MATERIAL PROVIDED
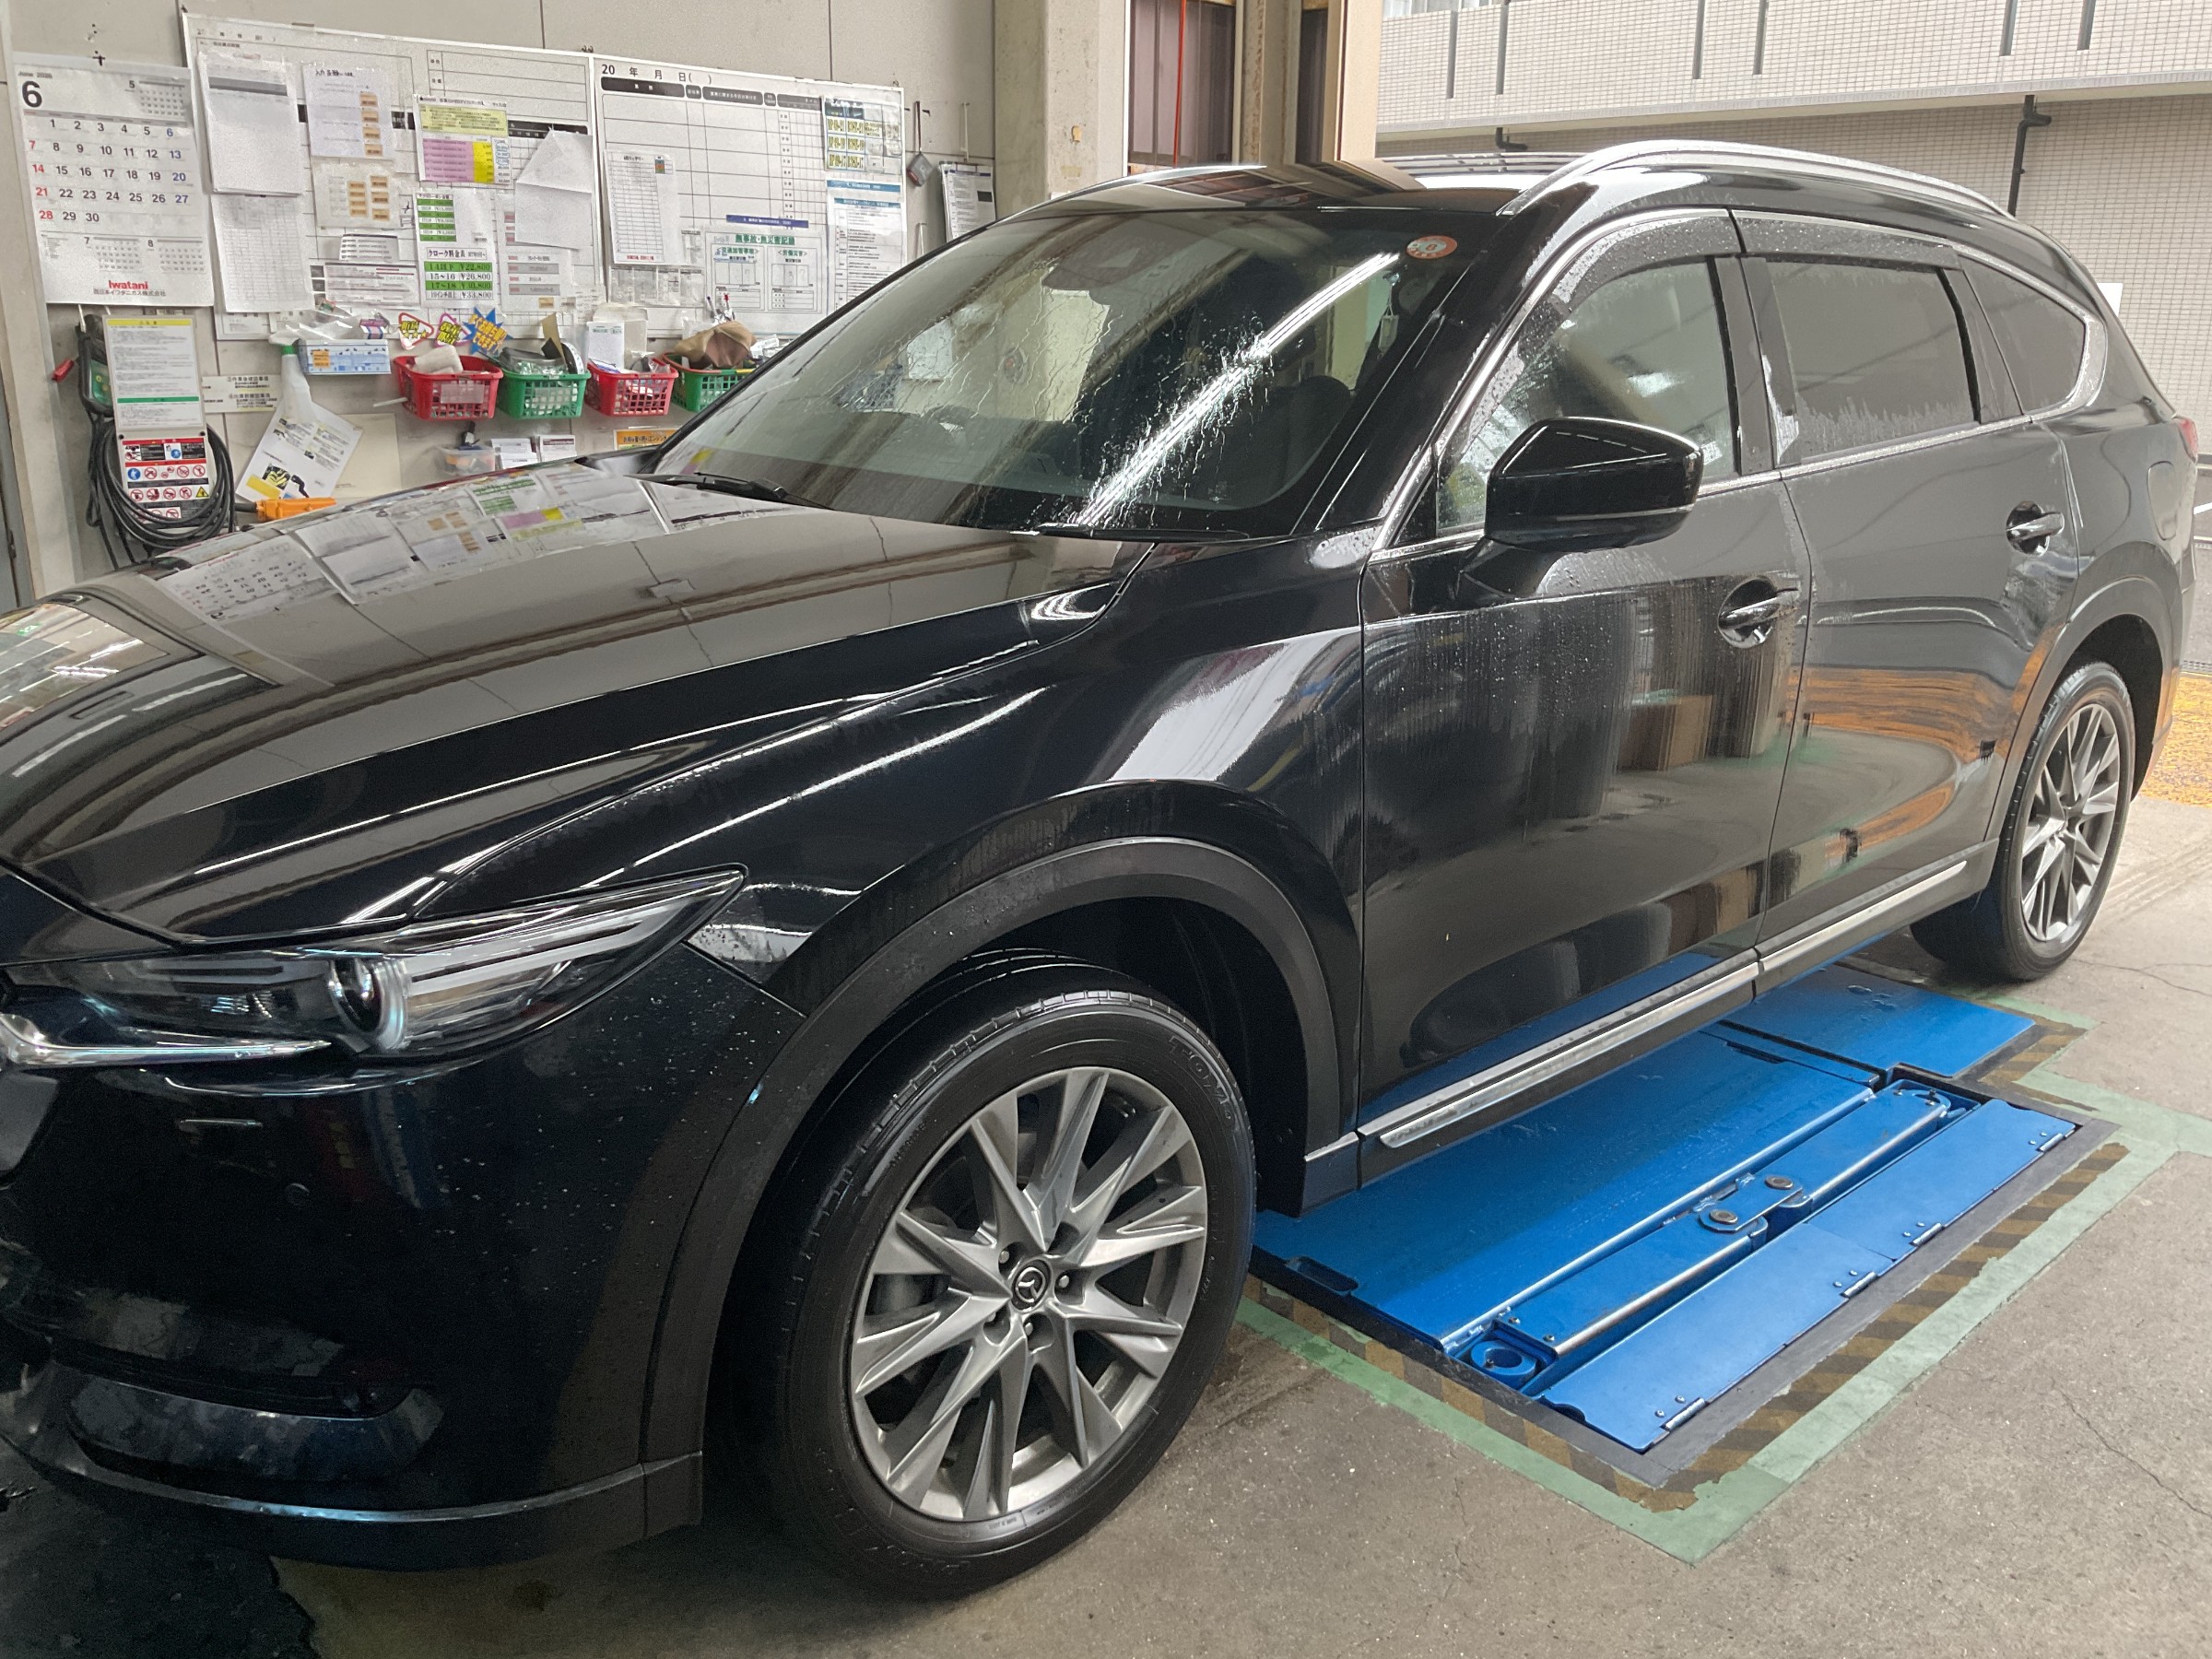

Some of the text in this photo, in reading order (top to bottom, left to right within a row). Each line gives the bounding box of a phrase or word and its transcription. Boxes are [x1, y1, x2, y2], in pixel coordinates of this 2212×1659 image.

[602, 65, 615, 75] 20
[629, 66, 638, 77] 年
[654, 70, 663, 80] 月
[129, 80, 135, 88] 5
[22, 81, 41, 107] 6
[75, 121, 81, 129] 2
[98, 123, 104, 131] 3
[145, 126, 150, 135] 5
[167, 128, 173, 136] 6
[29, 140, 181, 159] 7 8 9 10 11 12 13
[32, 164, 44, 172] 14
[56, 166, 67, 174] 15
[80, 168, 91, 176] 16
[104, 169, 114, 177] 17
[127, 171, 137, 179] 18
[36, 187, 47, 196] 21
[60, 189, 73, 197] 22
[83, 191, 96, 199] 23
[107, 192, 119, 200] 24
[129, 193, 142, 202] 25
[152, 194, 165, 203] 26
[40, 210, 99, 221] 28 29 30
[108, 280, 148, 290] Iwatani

TASK
Output each entry shown above exactly as it stands, with all pictures removed.

EXERCISE OUTPUT
Some of the text in this photo, in reading order (top to bottom, left to right within a row). Each line gives the bounding box of a phrase or word and its transcription. Boxes are [x1, y1, x2, y2], in pixel coordinates of this 2212×1659 image.

[602, 65, 615, 75] 20
[629, 66, 638, 77] 年
[654, 70, 663, 80] 月
[129, 80, 135, 88] 5
[22, 81, 41, 107] 6
[75, 121, 81, 129] 2
[98, 123, 104, 131] 3
[145, 126, 150, 135] 5
[167, 128, 173, 136] 6
[29, 140, 181, 159] 7 8 9 10 11 12 13
[32, 164, 44, 172] 14
[56, 166, 67, 174] 15
[80, 168, 91, 176] 16
[104, 169, 114, 177] 17
[127, 171, 137, 179] 18
[36, 187, 47, 196] 21
[60, 189, 73, 197] 22
[83, 191, 96, 199] 23
[107, 192, 119, 200] 24
[129, 193, 142, 202] 25
[152, 194, 165, 203] 26
[40, 210, 99, 221] 28 29 30
[108, 280, 148, 290] Iwatani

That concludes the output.